(TASK STATEMENT) Return the records exactly as they stand, and keep the pictures out of the copy.

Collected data
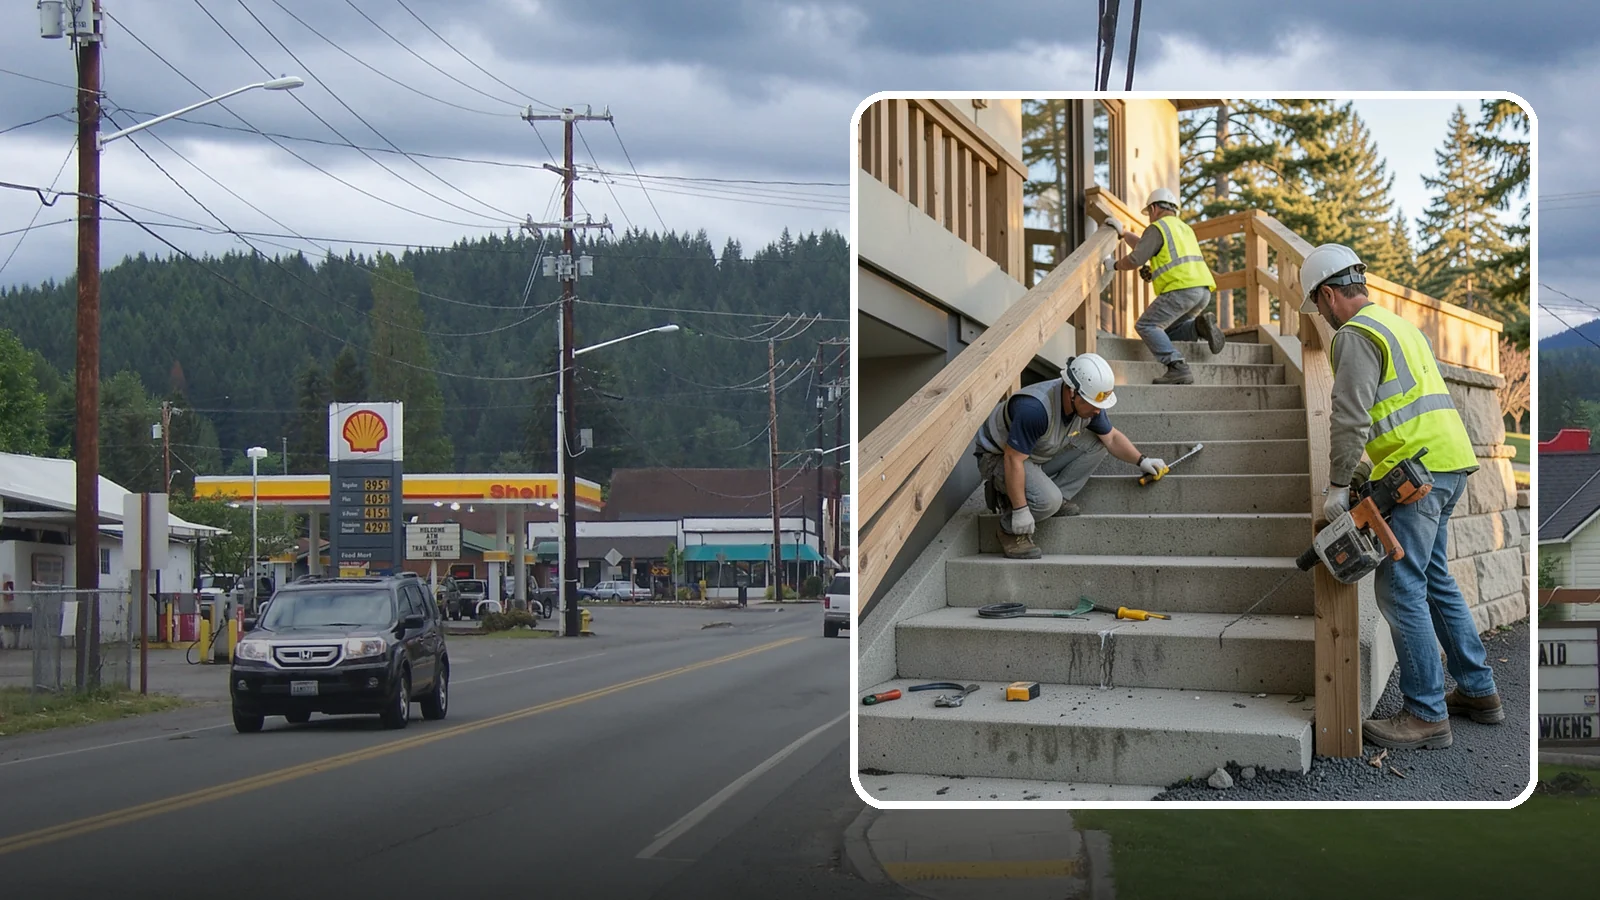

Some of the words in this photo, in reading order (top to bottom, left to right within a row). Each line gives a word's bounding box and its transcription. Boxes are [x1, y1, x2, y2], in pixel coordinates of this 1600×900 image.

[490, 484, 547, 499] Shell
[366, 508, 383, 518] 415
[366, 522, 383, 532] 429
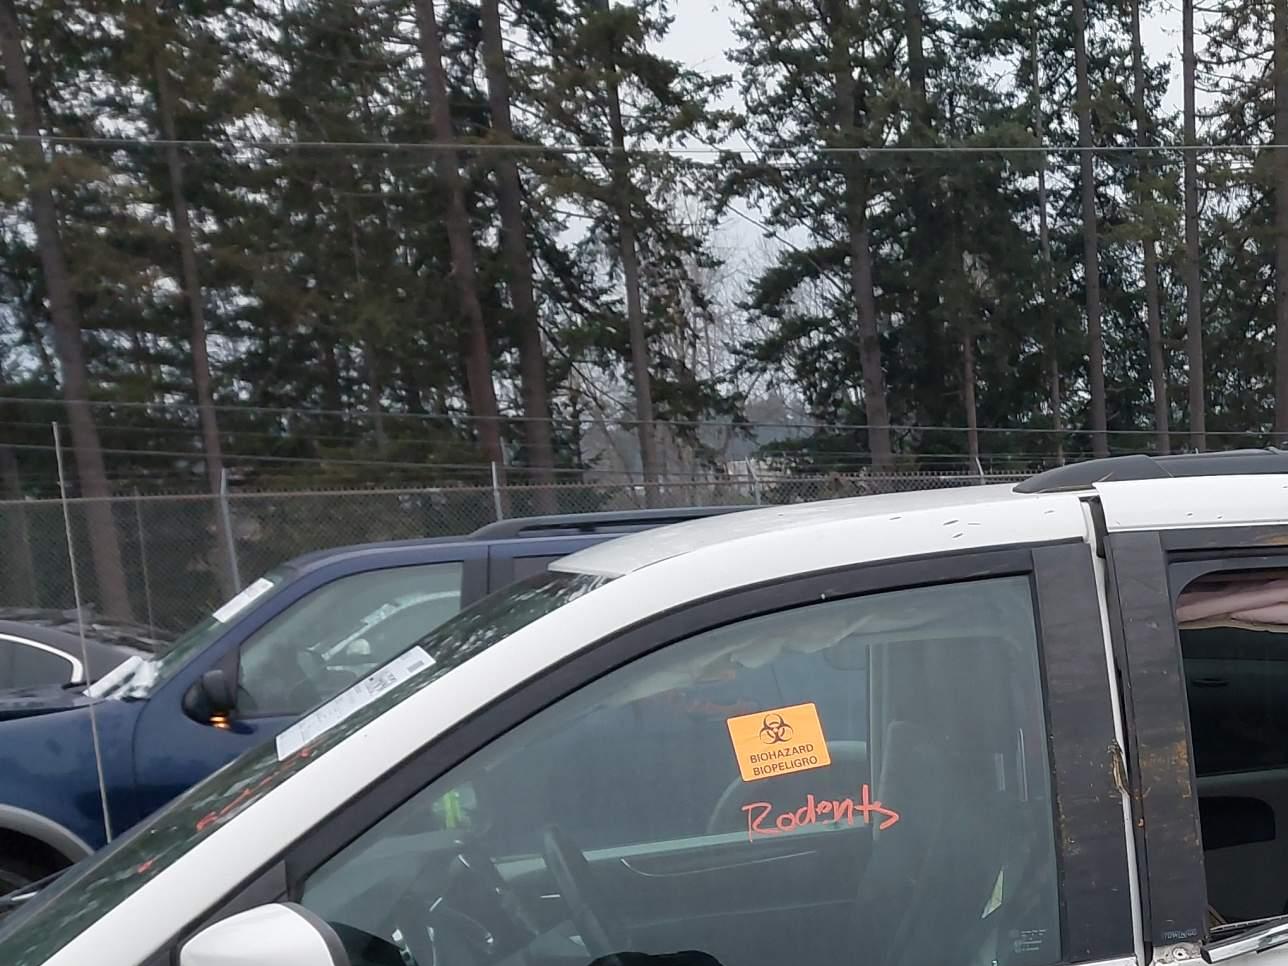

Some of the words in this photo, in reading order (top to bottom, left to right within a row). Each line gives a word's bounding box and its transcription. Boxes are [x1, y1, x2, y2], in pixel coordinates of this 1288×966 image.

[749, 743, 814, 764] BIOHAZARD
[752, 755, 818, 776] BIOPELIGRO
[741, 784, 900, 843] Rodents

(ANSWER TO THE EXERCISE)
Some of the words in this photo, in reading order (top to bottom, left to right within a row). Each line gives a word's bounding box and its transcription. Boxes are [x1, y1, x2, y2], in pixel coordinates of this 1600×900 image.

[490, 484, 547, 499] Shell
[366, 508, 383, 518] 415
[366, 522, 383, 532] 429

Some of the words in this photo, in reading order (top to bottom, left to right within a row). Each line gives a word's bounding box and its transcription. Boxes are [x1, y1, x2, y2], in pixel coordinates of this 1288×966 image.

[749, 743, 814, 764] BIOHAZARD
[752, 755, 818, 776] BIOPELIGRO
[741, 784, 900, 843] Rodents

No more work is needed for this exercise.